I'm a private person. Surprising, I know. I share when necessary but truthfully I don't talk a lot about what goes on in my heart and in my mind. Those thoughts and feelings are saved for certain people and God; and only come after trust is built (well not with God because I trust Him completely).

But lately I've been suffering. I lost my job at the beginning of January, then within two weeks the engine in my van broke; the job that I was supposed to get (it was a waitress job) seems to have fallen through and despite my relentless pursuit of a job I haven't gotten one call back.

I don't know how I'm going to pay February's rent.

I don't know how I can pay my bills when what I take in (my only income currently is child support) is far substantially less than what I have to put out.

But the Bible does not hesitate to describe the human condition and the reality of living in a sinful world. Suffering is an inescapable part of that reality. And I'm constantly reminding myself that someone is suffering far greater than I am. Ecclesiastes teaches, "For in much wisdom is much grief, and he who increases knowledge increases sorrow." (Eccl. 1:18)

No one is immune from suffering. Not you, not me, not the president. Suffering may come as a result of a person's sin and failure. For example, some people may suffer financially by not carefully budgeting their money or being wasteful. However, suffering may also arise due to other people's sin and failure or other forces outside of our control. An example of this is a drunk driver who causes an accident creating suffering for others.

We know that people suffer - we see it or experience it every day. "We also who have the firstfruits of the Spirit, even we ourselves groan within ourselves, eagerly waiting for the adoption, the redemption of our body." (Rom. 8:23) Suffering is common to all people and is not removed by the presence of the Holy Spirit. Being a Christian is a not a "get out of suffering free" card. I am a living testiment of this. Literally I have felt like I have poison in my blood and that everything I touch becomes tainted or of no value or just simply, poisoned. This however is a mistruth because Christians experience suffering like everyone else. No better illustration of this principle can be found but with Job!

Satan complained to God that Job, a righteous man, served God only because his life was relatively free of suffering. A wager was made and with God's consent the course of Job's suffering increased. With the increased suffering came Job's increased questions and struggles with God. His demand for a hearing concerning his questions grew to such a tempo that God deepened jobs suffering by bringing his soul low with humility. In that suffering, Job found that his deepest desire was not for relief, but that what he wanted more than anything was the presence of God. Suffering awakened him to a deeper desire for God.

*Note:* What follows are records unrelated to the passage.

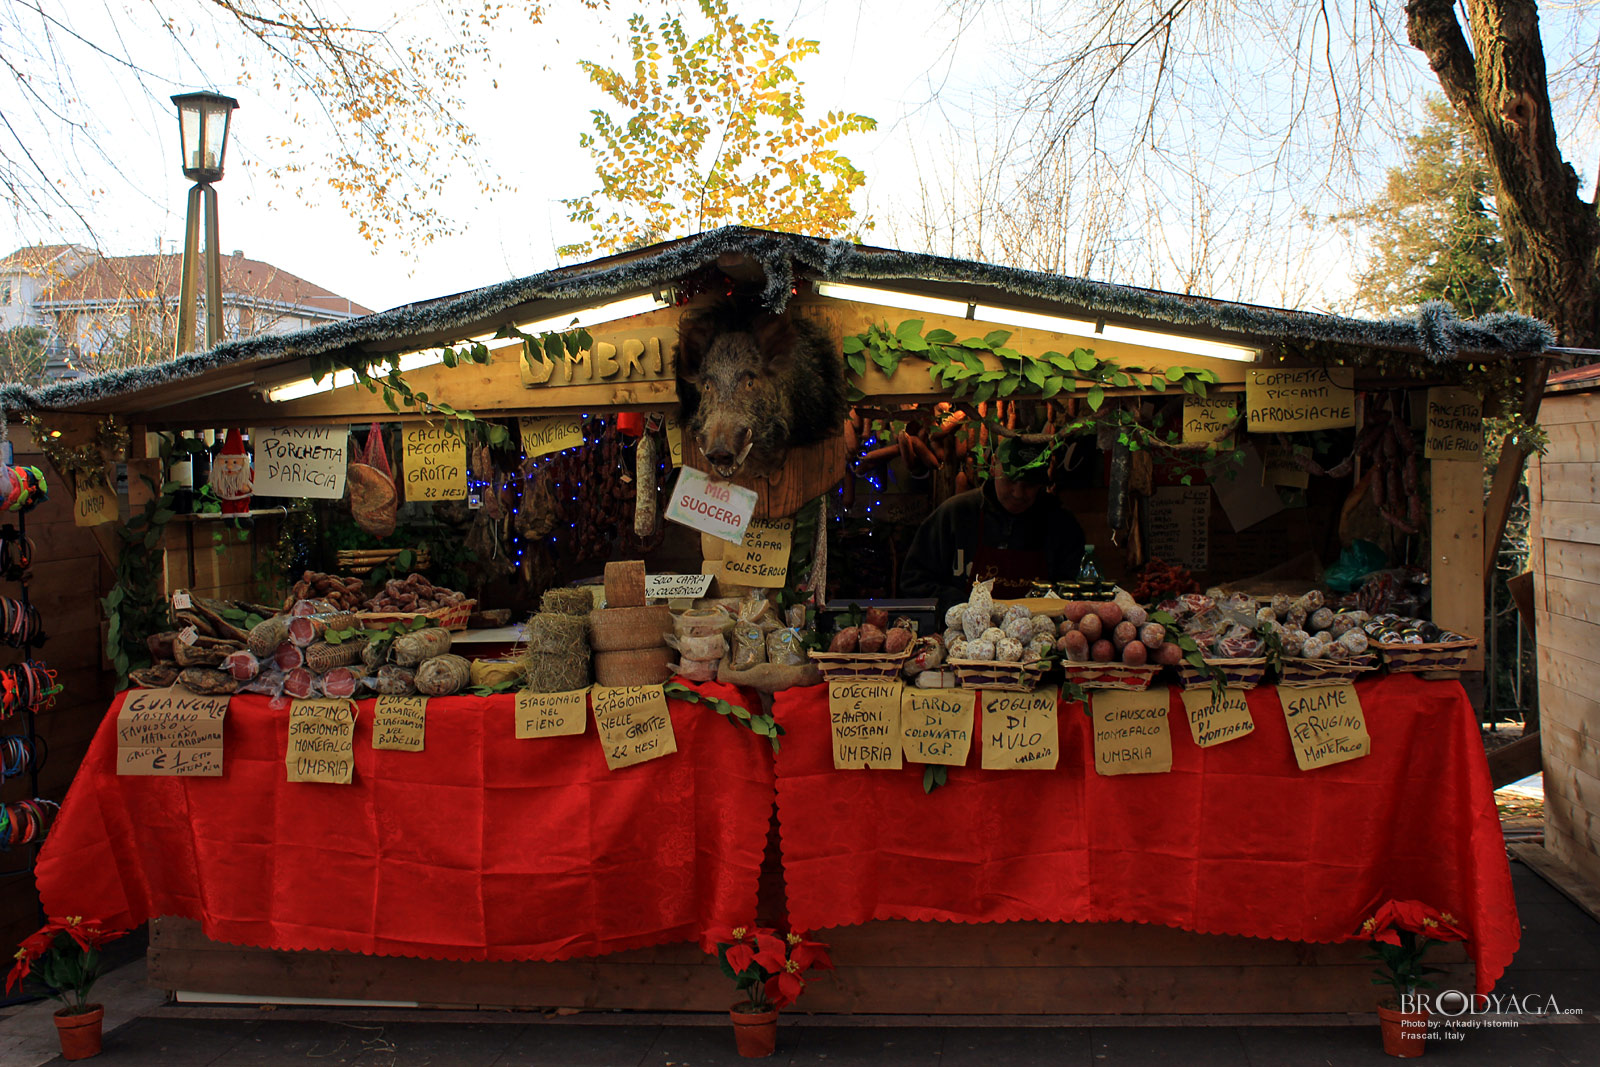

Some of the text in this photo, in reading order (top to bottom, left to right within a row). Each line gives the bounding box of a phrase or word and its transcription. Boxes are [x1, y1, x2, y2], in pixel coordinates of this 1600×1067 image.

[1266, 387, 1328, 401] PICCANTI
[1200, 408, 1216, 420] AL
[1250, 407, 1350, 422] AFRODISIACHE
[1429, 401, 1479, 418] PANCETTA
[1185, 419, 1230, 432] TARTUF
[523, 421, 580, 451] MONTEFALCO
[262, 438, 342, 462] PORCHETTA
[407, 438, 461, 457] PECORA
[424, 455, 435, 465] DI
[268, 462, 337, 490] D'ARICCIA
[408, 464, 458, 483] GROTTA
[424, 486, 466, 498] 22 MESI
[704, 482, 730, 502] MIA
[680, 495, 742, 527] SUOCERA
[745, 531, 763, 540] OLO
[746, 539, 782, 551] CAPRA
[746, 552, 762, 562] NO
[725, 561, 787, 577] COLESTEROLO
[653, 574, 706, 585] SOLO CAPRA
[597, 686, 643, 702] CACIO
[832, 683, 894, 700] COTECHINI
[129, 694, 227, 720] GUANCIALE
[379, 696, 422, 708] LONZA
[520, 693, 580, 710] STAGIONATO
[594, 691, 661, 717] STAGIONATO
[853, 701, 863, 710] E
[911, 696, 961, 713] LARDO
[986, 696, 1054, 713] COGLIONI
[1287, 690, 1346, 717] SALAME
[131, 711, 198, 723] NOSTRANO
[292, 705, 349, 721] LONZINO
[540, 708, 559, 717] NEL
[926, 713, 943, 726] DI
[1104, 707, 1167, 722] CIAUSCOLO
[290, 720, 350, 736] STAGIONATO
[526, 717, 564, 731] FIENO
[601, 713, 633, 731] NELLE
[625, 715, 666, 739] GROTTE
[1007, 711, 1027, 734] DI
[1198, 719, 1210, 733] DI
[1294, 714, 1361, 743] PERUGINO
[120, 722, 178, 742] FAVOLOSO
[386, 727, 403, 736] NEL
[836, 724, 889, 738] NOSTRANI
[904, 728, 967, 741] COLONNATA
[1097, 725, 1161, 741] MONTEFALCO
[295, 736, 352, 752] MONTEFALCO
[379, 733, 420, 747] BUDELLO
[611, 733, 659, 759] 22 MESI
[992, 732, 1042, 750] MULO
[127, 746, 164, 763] GRICIA
[840, 742, 892, 762] UMBRIA
[1102, 746, 1153, 764] UMBRIA
[1303, 735, 1362, 762] MONTEFALCO
[297, 755, 348, 777] UMBRIA

This is exactly what has happened to me over the course of my entire life. Real talk; my life has never been easy. The moment I think I have found something wonderful or great it disappears or walks out and then half the time I am blamed for the demise or the outcome.

Human suffering aroused my anger, invigorated my action and as a result enabled me to push back  the darkness of the fall. Suffering really humanizes me and my heart and increases my hunger for God and His presence.

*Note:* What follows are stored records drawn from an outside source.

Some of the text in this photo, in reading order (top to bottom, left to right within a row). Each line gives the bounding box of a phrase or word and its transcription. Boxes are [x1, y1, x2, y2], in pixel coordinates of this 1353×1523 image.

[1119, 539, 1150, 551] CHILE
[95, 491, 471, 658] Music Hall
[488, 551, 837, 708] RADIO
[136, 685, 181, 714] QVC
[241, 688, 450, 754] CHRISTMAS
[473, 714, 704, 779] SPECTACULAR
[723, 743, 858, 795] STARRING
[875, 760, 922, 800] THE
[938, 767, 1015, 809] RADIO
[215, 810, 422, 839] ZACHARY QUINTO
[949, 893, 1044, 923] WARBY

So today, it was rough. I suffered. I didn't talk about my feelings to anyone and I wrote them out in my journal. I realized by the end that I was writing specifically to Jesus and was groaning and crying out for HIM.

My situation could be worse. I could be homeless. My children could be ill. But none of this has happened. So I will, walk humbly in the suffering, and trust that this is just for a season. And that in this grief I am gaining wisdom and that with all the knowledge I gain more sorrow will follow. I will also hold firm to the truth that I am not flowing with poison. That I am full of the Spirit of God which is exactly the opposite; it gives life.

Today, know that God is bigger than your suffering.